The provisions and unprovided tax liabilities relating to these
disputes have increased following new claims being initiated and
extrapolation of exposures, but have decreased following the
conclusion of tax authority challenges and matters lapsing under
statutes of limitation, giving rise to an overall decrease in
provision of $38.9m and increase in unprovided tax liabilities of
$14.4m.
Ghana tax assessments
In August 2018, Tullow Ghana Limited ("TGL") received an
assessment from the Ghana Revenue Authority ("GRA") for the
financial years 2014 to 2016. After discussions, a final assessment
was issued in December 2019 for $407.3 million requesting that
$397.7 million be paid by 13 January 2020. The GRA is seeking to
apply branch profits remittance tax under a law which the Group
considers is not applicable to TGL, since it falls outside the tax
regime set out in TGL's petroleum agreement and double tax
treaties. The GRA has additionally assessed TGL for unpaid
withholding taxes and corporate income tax arising from the
disallowance of loan interest. The Group considers that these
assessments also breach TGL's rights under its petroleum
agreements, applicable Ghanaian law and double taxation treaties,
and, in some cases, have arisen as the result of the errors in the
GRA's calculations. In January 2020, TGL issued a Notice of Dispute
with the Ministry of Energy ("MoE"), disputing the issues and
suspending TGL's obligation to pay any taxes until the disputed
issues have been resolved. In April 2020, the GRA issued a Demand
Notice for $365.0 million ($337.6 million branch profits remittance
tax and withholding tax, and $27.4 million corporate income tax)

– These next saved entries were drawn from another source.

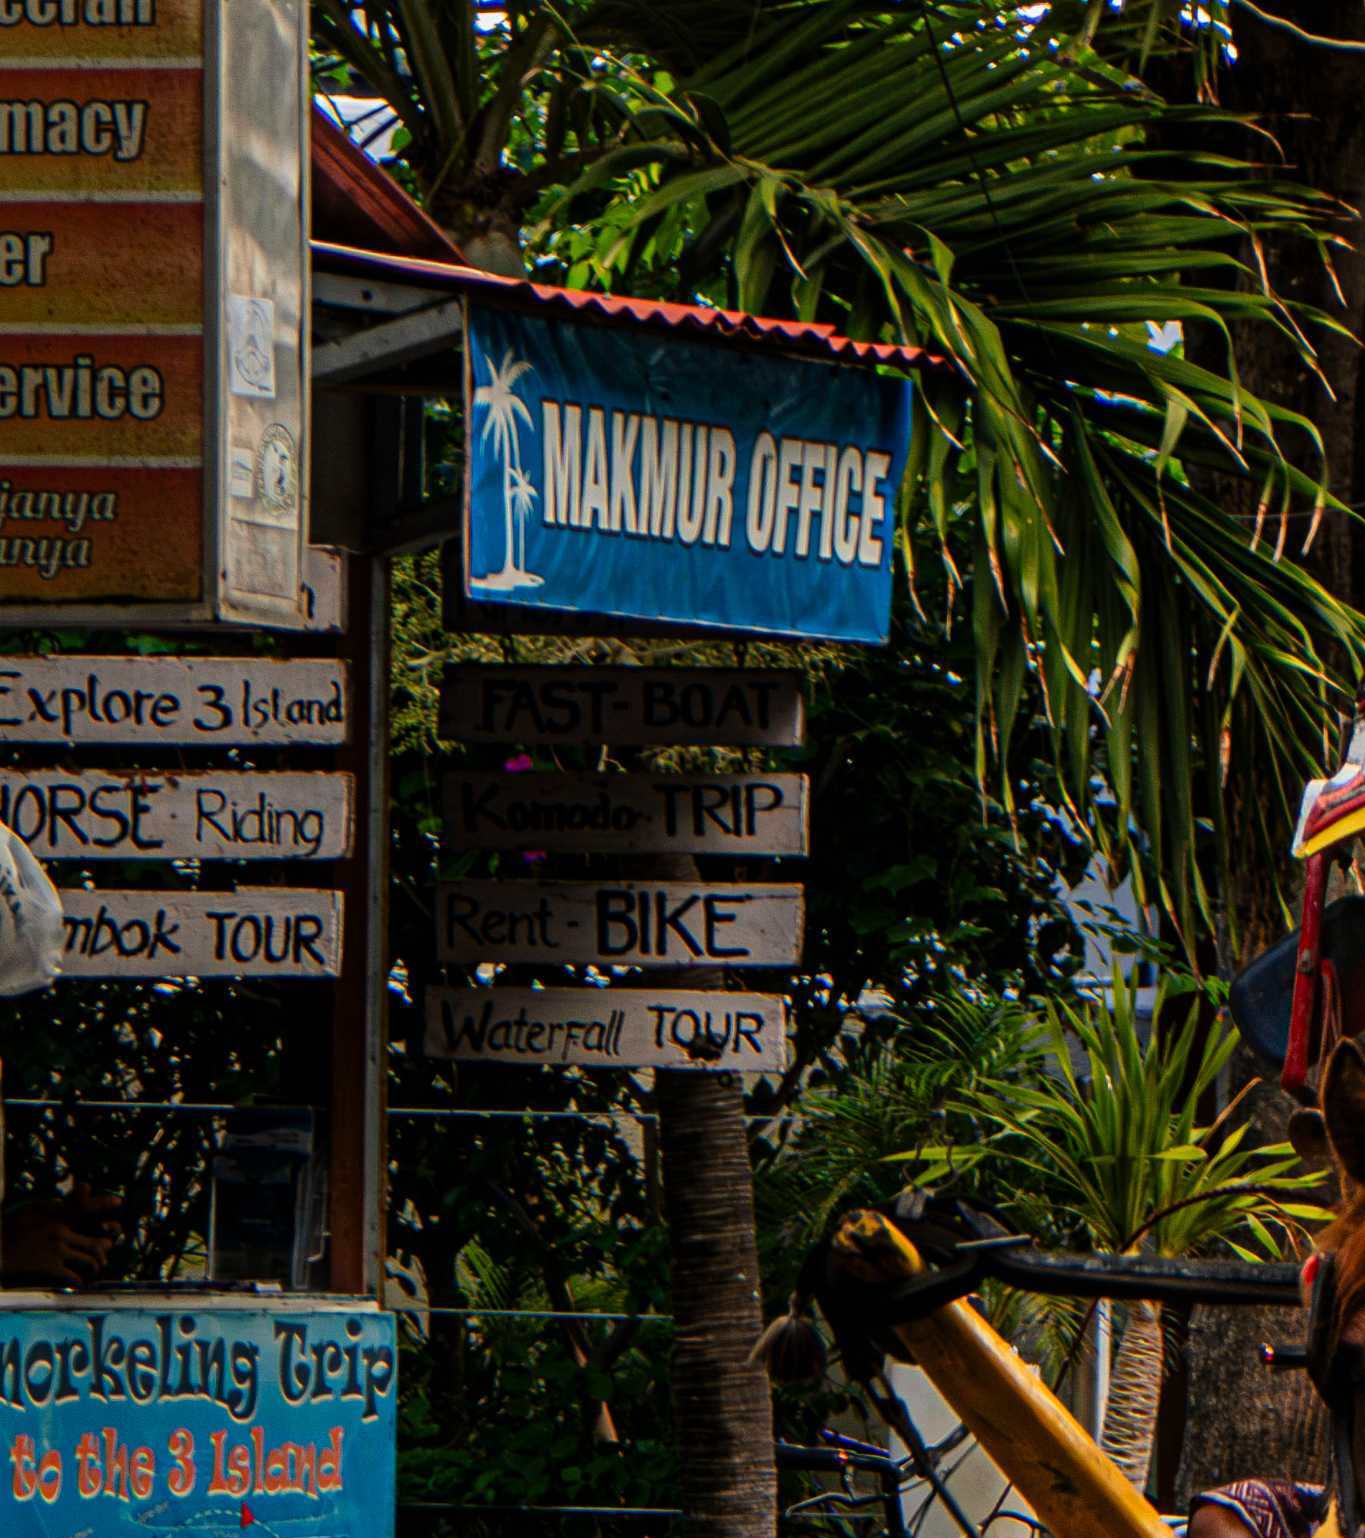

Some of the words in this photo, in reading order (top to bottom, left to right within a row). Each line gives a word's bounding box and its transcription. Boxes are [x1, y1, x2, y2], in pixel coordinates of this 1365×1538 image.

[541, 400, 737, 548] MAKMUR
[746, 431, 892, 567] OFFICE
[193, 684, 233, 731] 3
[242, 679, 344, 728] Island
[195, 789, 325, 857] Riding
[653, 783, 784, 838] TRIP
[206, 911, 326, 965] TOUR
[597, 889, 751, 957] BIKE
[647, 1005, 765, 1056] TOUR
[273, 1319, 394, 1424] Trip
[9, 1432, 62, 1503] to
[75, 1427, 157, 1502] the
[168, 1427, 197, 1497] 3
[207, 1425, 345, 1499] Island

which was put on hold by the MoE. In September 2021 TGL received a
revised final tax audit report for $471.2 million ($325 million
branch profits remittance tax and withholding tax, and $146.1
million corporate income tax). The Group continues to dispute the
validity of these assessments and is evaluating what steps may be
required in addition to the existing dispute process.
Kenya tax assessments
In March 2019, Tullow Kenya BV ("TKBV") received an assessment
from the Kenya Revenue Authority ("KRA") for $11.7 million for VAT
on the Block 12A farm-down. The Group considered that VAT was not
applicable since TKBV was not VAT registered at the time of the
disposal and the transaction was in relation to the sale of a
capital asset or part of a business. The KRA sought to apply VAT on
the basis that the transaction was a disposal of trading stock and
therefore the exemption to register for VAT did not apply. This
matter has now been heard by the Tax Appeals Tribunal and TKBV
received a judgment on 30 April 2021 in its favour which set aside
the VAT assessment in its entirety. However, the KRA appealed to
the High Court the decision of the TAT, but they withdrew that
appeal on 19 July 2021 and this was confirmed at a mention before
the court on 18 August 2021. This matter can now be treated as
closed.
9. Taxation on profit/ (loss) on ordinary activities
continued
Uganda Joint Venture Partner tax assessments
TOTAL E&P Uganda B.V. and CNOOC Uganda Limited have reached
a settlement with the Uganda Revenue Authority on all existing and
potential tax litigation and/or assessments for the period up to
June 2015 for PAYE, VAT and WHT, resulting in a reduction in
unprovided liabilities of $22.0 million.
Timing of cash-flows
While it is not possible to estimate the timing of tax cash
flows in relation to possible outcomes with certainty. Management
anticipate that there will not be material cash taxes paid in
excess of the amounts provided for uncertain tax positions in the
next 12 months.
10. Disposals
Equatorial Guinea and Dussafu asset in Gabon
On 31 March 2021, the Group completed the sale of its assets in
Equatorial Guinea with a cash consideration received of $88.9
million. This transaction included contingent future payments of up
to $16.0 million which are linked to asset performance and oil
price. A further $5.0 million of additional consideration was also
received on completion of Dussafu Marin permit asset in Gabon.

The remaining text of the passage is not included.